The Wexford carols: the music of worship

World of Books

It must be down to the autumnal feeling in the air, or perhaps the subconscious absorption of the first advertisements for the Christmas season which are already appearing, but last week my mind adverted in its wandering way to the Wexford carols.

The south east corner of Ireland, the baronies of Forth and Bargy, cut off from the rest of Ireland by a ring of mountains to the north and west, have always been a region on their own. It was in this corner that the Normans invaded Ireland, and indeed others in prehistory. From here the boats, at least in St Patrick’s Day, ran to the continent.

In patterns of speech and attitudes, the very air the people breathe, has its own distinct flavour. The patois has been intently studied by linguists over the last two centuries, for its unique features. 

The Wexford carols, though well known now, have only been collected in recent times by scholars. In 1982 Diarmaid Ó Muirithe published The Wexford Carols through the Dolmen  Press – like so many of Liam Miller’s publications this is now a collector’s item.

The carols themselves were assembled and edited by Ó Muirithe; while the music was transcribed and arranged with a commentary by Seóirse Bodley. This brought them to the wider attention at last. The song represented a true Irish contribution to the music of worship, as well as the traditions of Christmastide.

The best known today is the Enniscorthy Carol, which is often referred to as if it were the only one. But this is not the case.

Collections

The Wexford carols have their origin, Ó Muirithe relates, in a little garland or collections of songs published by Luke Waddinge in Ghent in 1684. They were intended for use in his own Diocese of Ferns. Waddinge, though hard pressed in many ways to survive, had a small but select library. This included some of the Metaphysical poets, and Catholic poets of the same era in England.
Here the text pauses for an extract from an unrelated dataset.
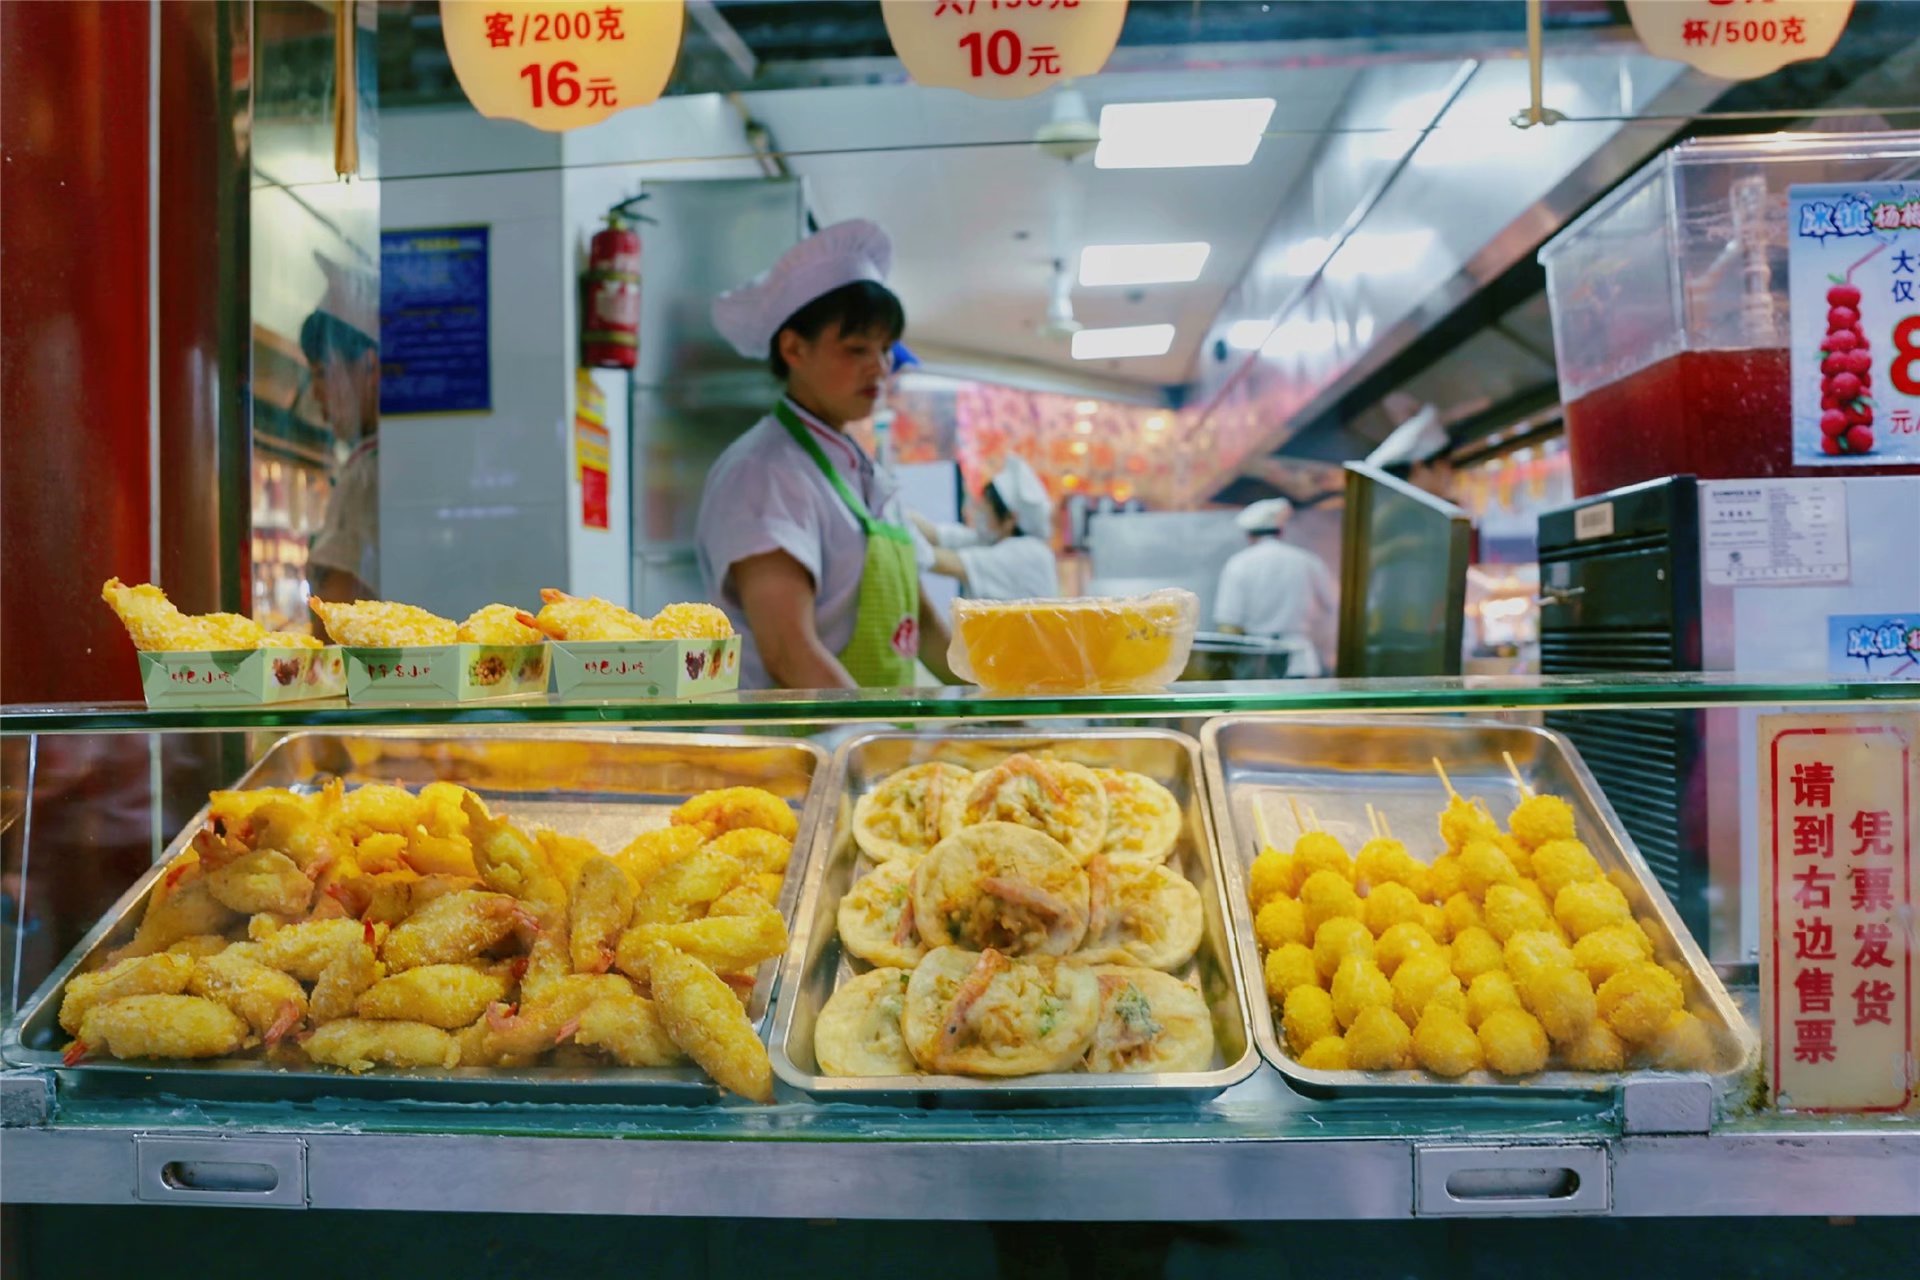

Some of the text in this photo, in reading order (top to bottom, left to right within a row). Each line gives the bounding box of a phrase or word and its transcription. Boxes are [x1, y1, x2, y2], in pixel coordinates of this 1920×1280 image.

The garland was reprinted twice in the 18th Century, and passed into common use, especially in Kilmore district. Another collection was later issued by a Fr Devereaux, and these too were commonly sung. These collections survived in manuscript booklets passed from hand to hand, and from generation to generation. Ó Muirithe was able to make use of two them still in private hands.

The music may have dated from early times, for many were sung to traditional airs, which was the common thing for songs and ballads at that time. Seóirse Bodley, however discusses all the technical points in his commentary added to Ó Muirithe’s essay.

The carols are still sung at Kilmore at Christmas by a choir of six men in two groups of three, who sing alternate verses. This tradition has been going on for some 300 years – “no small boast”, Ó Muirithe observes.

Cathedrals

The carols were sung in many place other than Kilmore in Victorian days. Rathangan was one of these. In January 1872 a letter appeared in The People, the Wexford newspaper, from a local man. “I have stood within many of the grandest cathedrals of Europe and under the dome of St Peter’s itself, but in none of them did I ever feel the soul-thrilling rapture sensation that I did as a boy listening to six men beneath the low-thatched chapel of Rathangan.”

But they were displaced by later priests who, Ó Murithe suggests, did not full appreciate their character and preferred something more Roman, so to speak. Such things were the fashion of the day; the local carols belonged to that persecuted past that the triumphalist Church of the Victorian era wished to put behind it.

“They died out in these parishes due to the neglect of priests who preferred the formality, the chiasmi and the dogmatic of hymnody. The religion of the heart had lost out to what Yeats has called the dead hand of decorum.”

But what died in Rathangan and elsewhere survives in the choir of six singer of Kilmore.

“Long may they live,” concluded Ó Murithe, “and long may their beautiful songs survive them.”